Monday, August 18, 2025
Dead to Rights
At the center of the film is A Chang (Liu Haoran), a postal worker who survives by pretending to be a photo technician. Forced to develop photographs for Japanese officer and photographer Ito (Daichi Harashima), he uncovers images that reveal, in stark detail, the atrocities committed against the Chinese people. The shop's owner, Jin Chengzong (Wang Xiao), hides with his family in the basement, clinging to the hope of escape. Wang Guanghai (Wang Chuan-jun), a translator who collaborates with the Japanese in the hope of protecting his wife and son, uses A Chang to secure the escape of his mistress, actress Lin Yuxiu (Gao Ye). Through A Chang's work, he is able to provide food for the survival of Jin's family and a wounded soldier, Song Cunyi (Zhou You), saved by Lin Yuxiu.

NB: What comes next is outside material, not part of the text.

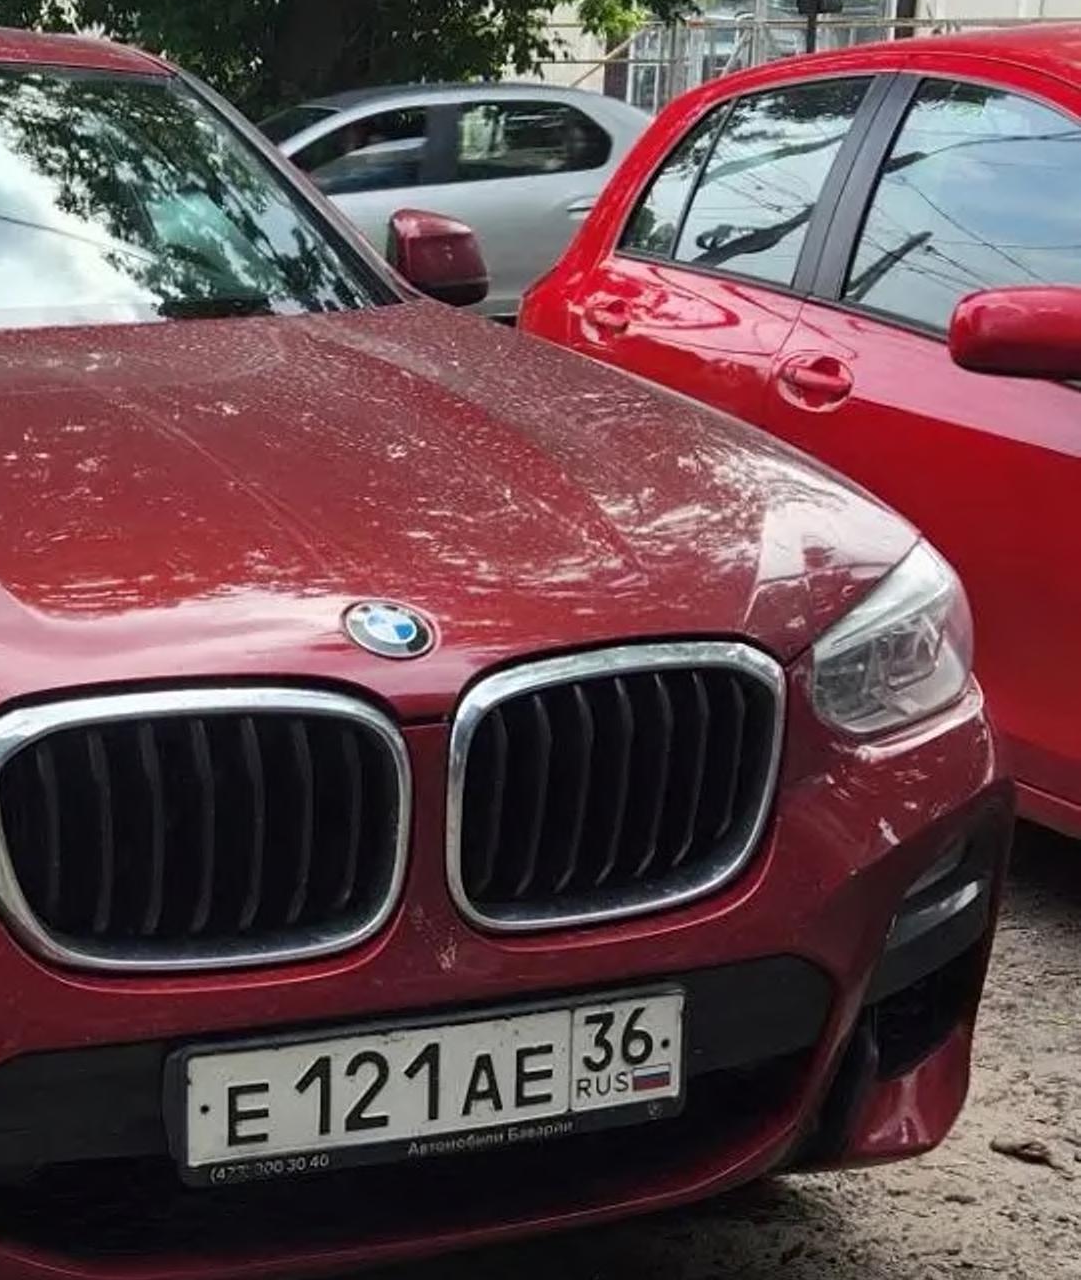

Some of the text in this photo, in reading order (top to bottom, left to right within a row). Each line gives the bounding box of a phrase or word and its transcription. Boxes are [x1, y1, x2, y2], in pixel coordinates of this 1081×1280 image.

[583, 1007, 653, 1072] 36
[577, 1071, 629, 1098] RUS
[310, 1153, 329, 1168] 40

Liu Haoran gives A Chang a quiet resilience, capturing the fear and moral burden of a man trapped between survival and witness. Gao Ye plays Lin Yuxiu with dignity that survives even under crushing vulnerability, while Wang Xiao portrays Jin Chengzong with quiet strength as a father desperate to protect those hiding with him. Zhou You embodies the defiance of Song Cunyi, a reminder that not all resistance was silenced. The ensemble makes the story not just about the victims of war, but about individuals grasping at survival—and ultimately pushing back, finding ways to resist, to fight, and to hold on to a shred of dignity in the face of annihilation.
Wang Chuan-jun brings painful complexity to the translator Wang Guanghai, a weak and self-serving opportunist who convinces himself that betrayal is a form of saving others. He clings to power at the cost of dignity and loyalty, yet remains recognizably human—unable to face the slaughter of his compatriots, shutting his eyes and ears until the end, blind even to the fate of his own family.
Standing in chilling contrast is Daichi Harashima's Ito, a terrifyingly understated Japanese officer and photographer whose cultivated manners and artistic sensibility conceal a deep, insidious cruelty. His polite composure is more chilling than outright violence. Ito embodies a particular kind of evil—one that cloaks itself in refinement and aesthetics while enabling destruction.
If the script leans on the occasional contrivance—such as the near-unbelievable coincidence of Song Cunyi finding his brother's photograph in a darkroom—it doesn't diminish the film's weight. What matters is its refusal to let history fade into abstraction. The film insists that the crimes of the Nanjing Massacre be remembered not as statistics, but as human suffering, captured frame by frame, life by life.
And this is why the film demands to be seen. It is not an easy experience, but it is a necessary one. Sitting through "Dead to Rights" means bearing witness to pain that was real, to crimes that scarred generations, to lives cut short but not erased. The Nanjing Massacre cannot be undone, but it can and must be remembered. This film helps keep that memory stays alive, and in watching it, audiences become part of that act of remembrance.
"Dead to Rights" opens in theaters on Friday, August 15, 2025.